Quelques remarques sur les vari\'et\'es, fonctions de Green et formule de Stokes

TL;DR

This paper discusses various advanced topics in differential geometry, topology, and mathematical physics, including Green functions, Stokes formula, Ricci flow, string theory, and fundamental problems in computational complexity.

Contribution

It provides remarks and insights on multiple complex topics across geometry, physics, and computational theory, connecting them through a unified mathematical perspective.

Findings

Analysis of Green functions and Stokes formula on various manifolds

Discussion of Ricci flow and its applications in geometry

Exploration of fundamental problems in computational complexity

Abstract

We give some remarks on some manifolds K3 surfaces, Complex projective spaces, real projective space and Torus and the classification of two dimensional Riemannian surfaces, Green functions and the Stokes formula.
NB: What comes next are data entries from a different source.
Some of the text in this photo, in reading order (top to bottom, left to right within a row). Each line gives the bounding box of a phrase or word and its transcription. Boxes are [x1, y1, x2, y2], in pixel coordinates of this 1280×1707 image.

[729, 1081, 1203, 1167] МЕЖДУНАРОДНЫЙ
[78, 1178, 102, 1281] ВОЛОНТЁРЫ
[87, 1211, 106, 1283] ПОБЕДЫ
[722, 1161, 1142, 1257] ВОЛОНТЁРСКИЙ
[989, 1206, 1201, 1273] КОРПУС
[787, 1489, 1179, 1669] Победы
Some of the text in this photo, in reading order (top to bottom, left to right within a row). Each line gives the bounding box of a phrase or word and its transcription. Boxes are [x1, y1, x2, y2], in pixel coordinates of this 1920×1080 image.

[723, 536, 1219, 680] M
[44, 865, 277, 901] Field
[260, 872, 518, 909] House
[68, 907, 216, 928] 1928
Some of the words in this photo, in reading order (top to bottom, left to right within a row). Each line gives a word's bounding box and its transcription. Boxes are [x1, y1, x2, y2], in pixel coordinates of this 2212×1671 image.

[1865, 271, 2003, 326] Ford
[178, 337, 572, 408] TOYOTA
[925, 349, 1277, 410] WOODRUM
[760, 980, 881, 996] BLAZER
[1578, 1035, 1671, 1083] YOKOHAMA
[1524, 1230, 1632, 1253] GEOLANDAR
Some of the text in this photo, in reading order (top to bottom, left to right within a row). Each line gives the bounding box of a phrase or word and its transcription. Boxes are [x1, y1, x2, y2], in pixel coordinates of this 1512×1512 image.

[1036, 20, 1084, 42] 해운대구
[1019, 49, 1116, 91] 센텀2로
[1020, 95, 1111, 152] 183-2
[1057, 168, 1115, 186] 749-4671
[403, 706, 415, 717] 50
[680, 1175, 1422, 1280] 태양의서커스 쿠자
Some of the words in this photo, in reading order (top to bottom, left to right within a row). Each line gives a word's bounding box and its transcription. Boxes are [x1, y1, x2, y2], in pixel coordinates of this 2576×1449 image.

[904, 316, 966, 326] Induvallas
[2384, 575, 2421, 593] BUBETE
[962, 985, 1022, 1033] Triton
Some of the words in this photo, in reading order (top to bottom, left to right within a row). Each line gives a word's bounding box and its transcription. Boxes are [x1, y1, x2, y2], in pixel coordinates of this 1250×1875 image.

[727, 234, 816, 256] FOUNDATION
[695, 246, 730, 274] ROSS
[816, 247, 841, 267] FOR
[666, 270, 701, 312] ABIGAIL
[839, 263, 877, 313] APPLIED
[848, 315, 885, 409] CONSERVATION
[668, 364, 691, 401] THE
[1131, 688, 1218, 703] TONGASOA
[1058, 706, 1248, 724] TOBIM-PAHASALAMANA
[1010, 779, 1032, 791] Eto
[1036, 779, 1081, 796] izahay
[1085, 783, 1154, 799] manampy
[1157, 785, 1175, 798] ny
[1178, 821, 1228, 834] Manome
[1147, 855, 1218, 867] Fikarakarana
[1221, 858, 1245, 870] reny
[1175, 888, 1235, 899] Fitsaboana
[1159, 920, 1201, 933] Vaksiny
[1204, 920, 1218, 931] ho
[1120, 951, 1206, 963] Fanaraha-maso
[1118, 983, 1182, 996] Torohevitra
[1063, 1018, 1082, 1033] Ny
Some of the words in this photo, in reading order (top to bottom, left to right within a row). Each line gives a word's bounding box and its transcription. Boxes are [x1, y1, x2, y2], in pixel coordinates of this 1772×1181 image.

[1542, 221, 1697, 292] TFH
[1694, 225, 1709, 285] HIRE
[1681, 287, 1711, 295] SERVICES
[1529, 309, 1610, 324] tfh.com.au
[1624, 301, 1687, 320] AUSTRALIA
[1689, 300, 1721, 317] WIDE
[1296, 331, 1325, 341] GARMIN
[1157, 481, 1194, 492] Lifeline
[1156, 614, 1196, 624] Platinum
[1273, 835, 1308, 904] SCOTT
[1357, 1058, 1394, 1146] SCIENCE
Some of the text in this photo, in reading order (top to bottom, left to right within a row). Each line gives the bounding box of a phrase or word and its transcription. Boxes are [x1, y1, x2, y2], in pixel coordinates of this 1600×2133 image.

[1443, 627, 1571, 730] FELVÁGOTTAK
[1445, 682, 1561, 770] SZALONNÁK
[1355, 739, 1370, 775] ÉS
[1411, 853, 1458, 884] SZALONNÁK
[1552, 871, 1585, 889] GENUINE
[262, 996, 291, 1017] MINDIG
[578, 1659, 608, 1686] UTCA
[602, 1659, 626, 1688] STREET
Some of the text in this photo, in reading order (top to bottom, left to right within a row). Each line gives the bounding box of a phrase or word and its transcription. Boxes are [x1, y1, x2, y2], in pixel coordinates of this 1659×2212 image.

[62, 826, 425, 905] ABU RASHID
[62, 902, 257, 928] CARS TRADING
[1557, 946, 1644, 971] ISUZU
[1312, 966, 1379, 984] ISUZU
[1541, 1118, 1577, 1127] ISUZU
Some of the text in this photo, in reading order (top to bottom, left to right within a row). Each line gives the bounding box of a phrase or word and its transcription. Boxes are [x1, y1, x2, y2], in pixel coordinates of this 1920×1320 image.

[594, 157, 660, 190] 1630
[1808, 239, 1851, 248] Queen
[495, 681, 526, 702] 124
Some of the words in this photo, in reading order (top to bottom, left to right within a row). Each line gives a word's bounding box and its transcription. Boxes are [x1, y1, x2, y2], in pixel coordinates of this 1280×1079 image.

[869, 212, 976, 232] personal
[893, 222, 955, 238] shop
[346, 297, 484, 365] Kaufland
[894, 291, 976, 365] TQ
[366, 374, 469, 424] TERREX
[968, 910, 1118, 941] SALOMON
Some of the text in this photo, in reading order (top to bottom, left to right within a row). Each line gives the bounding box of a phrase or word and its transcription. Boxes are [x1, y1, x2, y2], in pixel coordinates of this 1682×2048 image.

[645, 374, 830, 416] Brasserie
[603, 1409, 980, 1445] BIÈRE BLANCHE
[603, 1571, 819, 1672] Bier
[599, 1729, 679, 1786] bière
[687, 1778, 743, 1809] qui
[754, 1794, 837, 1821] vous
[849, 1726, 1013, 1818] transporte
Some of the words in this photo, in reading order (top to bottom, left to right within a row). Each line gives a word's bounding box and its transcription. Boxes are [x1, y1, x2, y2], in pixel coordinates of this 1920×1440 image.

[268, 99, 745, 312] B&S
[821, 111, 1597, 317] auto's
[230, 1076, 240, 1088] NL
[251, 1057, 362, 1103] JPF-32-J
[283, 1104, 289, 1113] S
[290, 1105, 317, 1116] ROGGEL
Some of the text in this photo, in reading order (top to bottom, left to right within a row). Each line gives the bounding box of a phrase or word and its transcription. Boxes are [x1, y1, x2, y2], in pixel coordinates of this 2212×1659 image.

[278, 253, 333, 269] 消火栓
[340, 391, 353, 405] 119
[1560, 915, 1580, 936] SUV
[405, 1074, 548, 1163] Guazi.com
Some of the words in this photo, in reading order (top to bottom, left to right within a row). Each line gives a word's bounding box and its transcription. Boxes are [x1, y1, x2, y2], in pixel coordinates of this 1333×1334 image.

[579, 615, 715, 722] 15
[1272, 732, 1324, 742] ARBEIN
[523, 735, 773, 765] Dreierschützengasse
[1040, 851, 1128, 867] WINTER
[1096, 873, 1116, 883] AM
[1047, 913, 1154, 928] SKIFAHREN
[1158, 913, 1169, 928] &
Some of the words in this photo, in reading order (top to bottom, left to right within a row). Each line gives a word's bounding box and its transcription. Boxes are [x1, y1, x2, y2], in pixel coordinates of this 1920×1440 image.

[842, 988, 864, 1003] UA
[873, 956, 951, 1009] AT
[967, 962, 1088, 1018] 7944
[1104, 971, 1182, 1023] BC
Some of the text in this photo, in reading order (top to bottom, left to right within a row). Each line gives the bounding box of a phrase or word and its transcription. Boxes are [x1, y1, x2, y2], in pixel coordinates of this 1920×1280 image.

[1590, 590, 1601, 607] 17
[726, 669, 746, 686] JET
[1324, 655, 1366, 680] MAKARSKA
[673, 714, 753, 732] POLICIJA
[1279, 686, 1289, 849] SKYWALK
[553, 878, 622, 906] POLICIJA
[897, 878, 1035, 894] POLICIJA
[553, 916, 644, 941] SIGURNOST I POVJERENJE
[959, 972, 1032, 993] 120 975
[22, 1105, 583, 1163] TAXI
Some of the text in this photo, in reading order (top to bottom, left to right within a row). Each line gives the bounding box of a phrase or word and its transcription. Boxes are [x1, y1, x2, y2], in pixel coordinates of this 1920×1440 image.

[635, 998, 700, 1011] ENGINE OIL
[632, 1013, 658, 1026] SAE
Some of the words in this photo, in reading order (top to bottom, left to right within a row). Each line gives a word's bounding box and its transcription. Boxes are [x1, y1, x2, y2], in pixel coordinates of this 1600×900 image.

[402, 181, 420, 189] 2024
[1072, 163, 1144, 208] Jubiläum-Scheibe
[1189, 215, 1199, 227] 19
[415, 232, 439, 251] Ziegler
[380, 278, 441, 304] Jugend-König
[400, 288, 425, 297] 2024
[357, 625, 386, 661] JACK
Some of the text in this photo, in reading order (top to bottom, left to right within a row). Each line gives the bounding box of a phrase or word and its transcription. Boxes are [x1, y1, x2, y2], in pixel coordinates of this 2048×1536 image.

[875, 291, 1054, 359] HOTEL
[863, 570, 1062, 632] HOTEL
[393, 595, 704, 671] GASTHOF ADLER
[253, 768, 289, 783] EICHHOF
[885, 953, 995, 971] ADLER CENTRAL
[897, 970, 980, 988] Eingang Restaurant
We also, talk about traces of Sobolev spaces, the distance function, the notion of degree and a duality theorem, the variational formulation and conformal map in dimension 2, the metric on the boundary of a Lipschitz domain and polar geodesic coordinates and the Gauss-Bonnet formula and the positive mass theorem in dimension 3 and in the locally conformally flat case. And the Ricci flow. And fields and their relation to the equations.And obstructions in astronomy. And on strings, superstrings and D-branes. And topological solutions in the negative case, critical, supercritical and superstrings and symmetry. And geometrization. And Decision problem, SAT problem and p=np problem.